What to produce
Below are records to be repeated exactly. Leave their pictures behind.

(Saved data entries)
- Opening Delimiter -
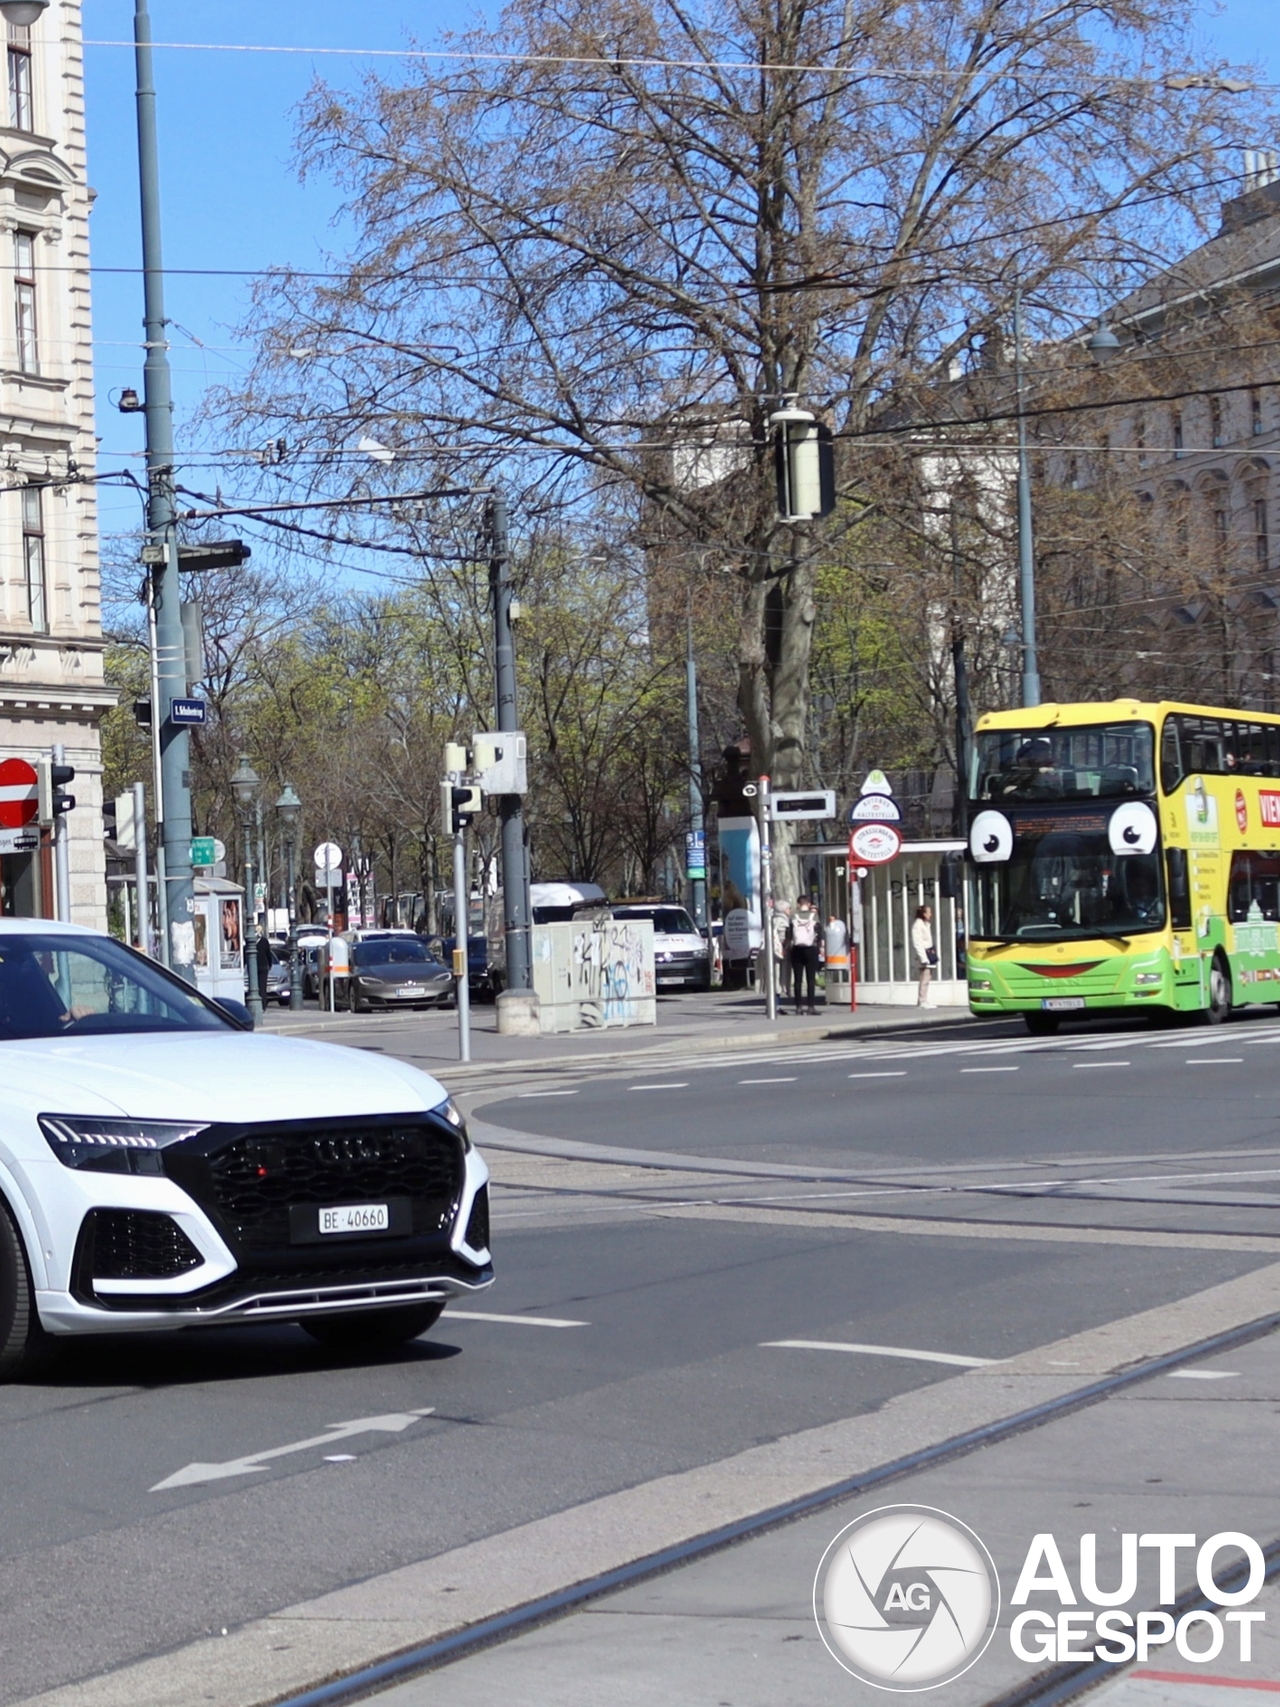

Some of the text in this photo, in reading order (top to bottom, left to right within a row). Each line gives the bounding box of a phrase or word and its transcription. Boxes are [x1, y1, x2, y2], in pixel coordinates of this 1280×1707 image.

[863, 797, 891, 808] AUTOBUS
[858, 847, 893, 859] HALTESTELLE
[324, 1209, 384, 1229] BE 40660
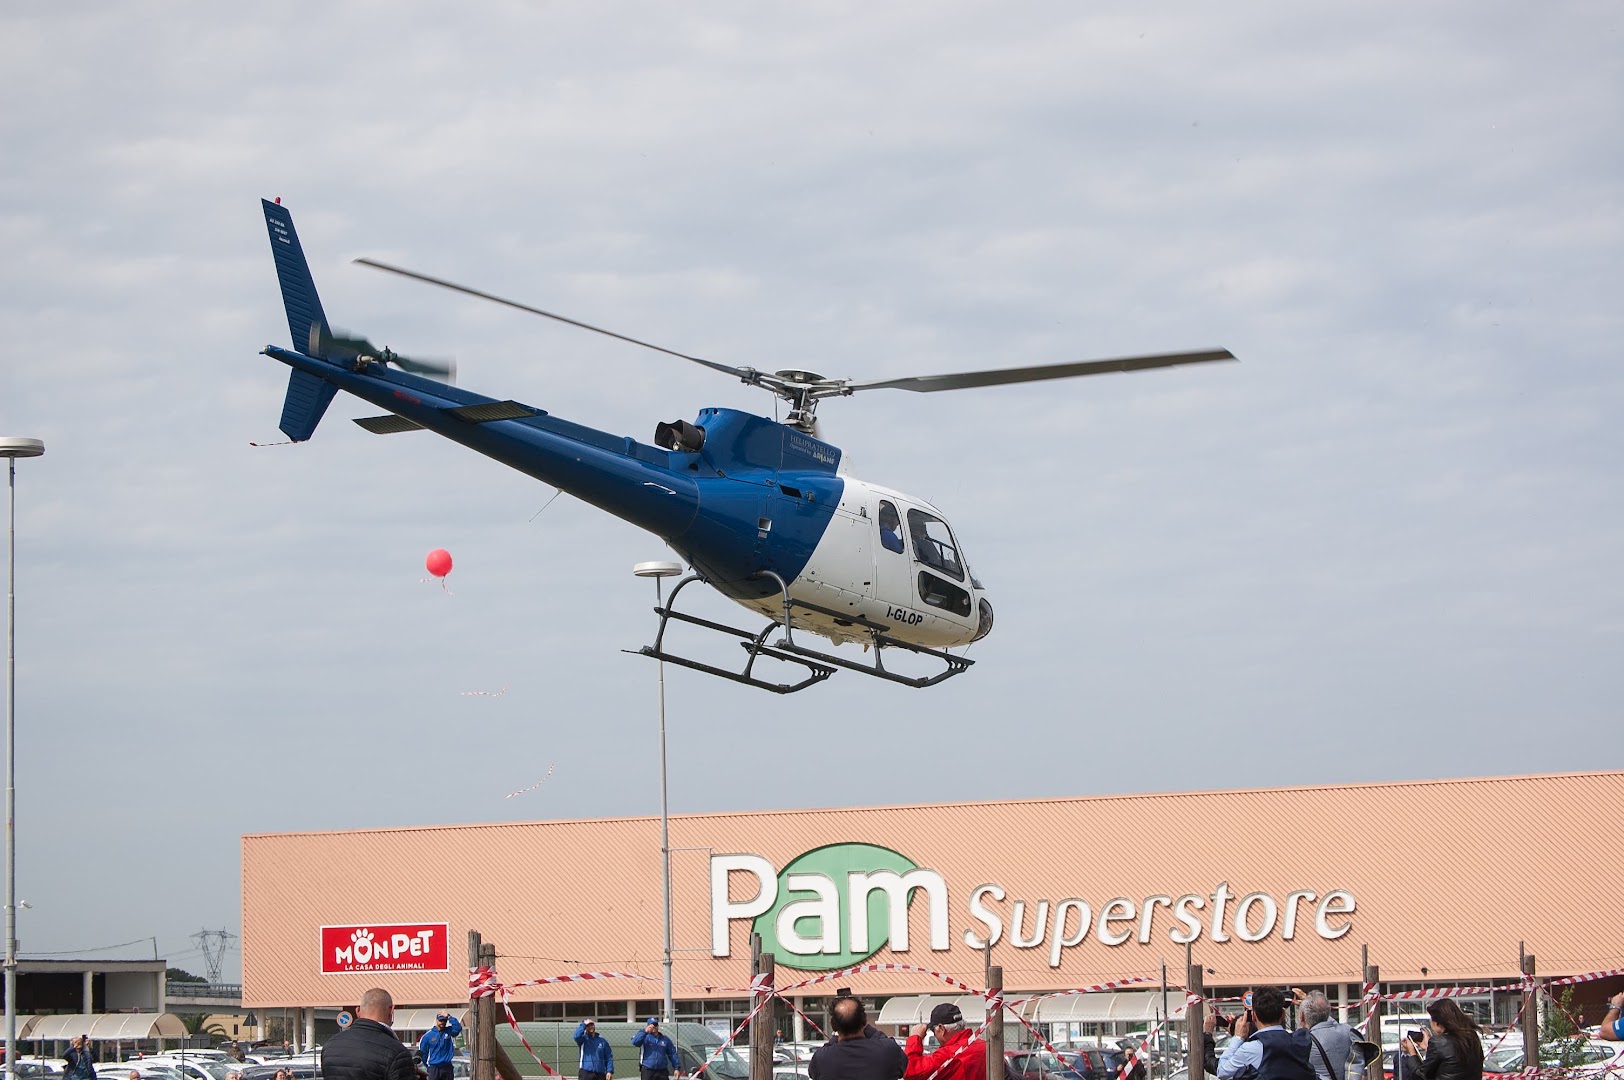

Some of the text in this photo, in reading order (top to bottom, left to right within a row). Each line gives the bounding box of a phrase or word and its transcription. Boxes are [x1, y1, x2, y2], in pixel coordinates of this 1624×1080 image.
- Closing Delimiter -
Output of the exercise
Some of the text in this photo, in reading order (top to bottom, left to right within a row). Each line gives the bounding box of a phrase or word and its transcription. Boxes are [x1, y1, x2, y2], in pixel coordinates of this 1280×1707 image.

[863, 797, 891, 808] AUTOBUS
[858, 847, 893, 859] HALTESTELLE
[324, 1209, 384, 1229] BE 40660

Some of the text in this photo, in reading order (top to bottom, left to right within a row). Each line gives the bounding box of a phrase or word and its transcription. Boxes are [x1, y1, x2, y2], in pixel coordinates of this 1624×1080 image.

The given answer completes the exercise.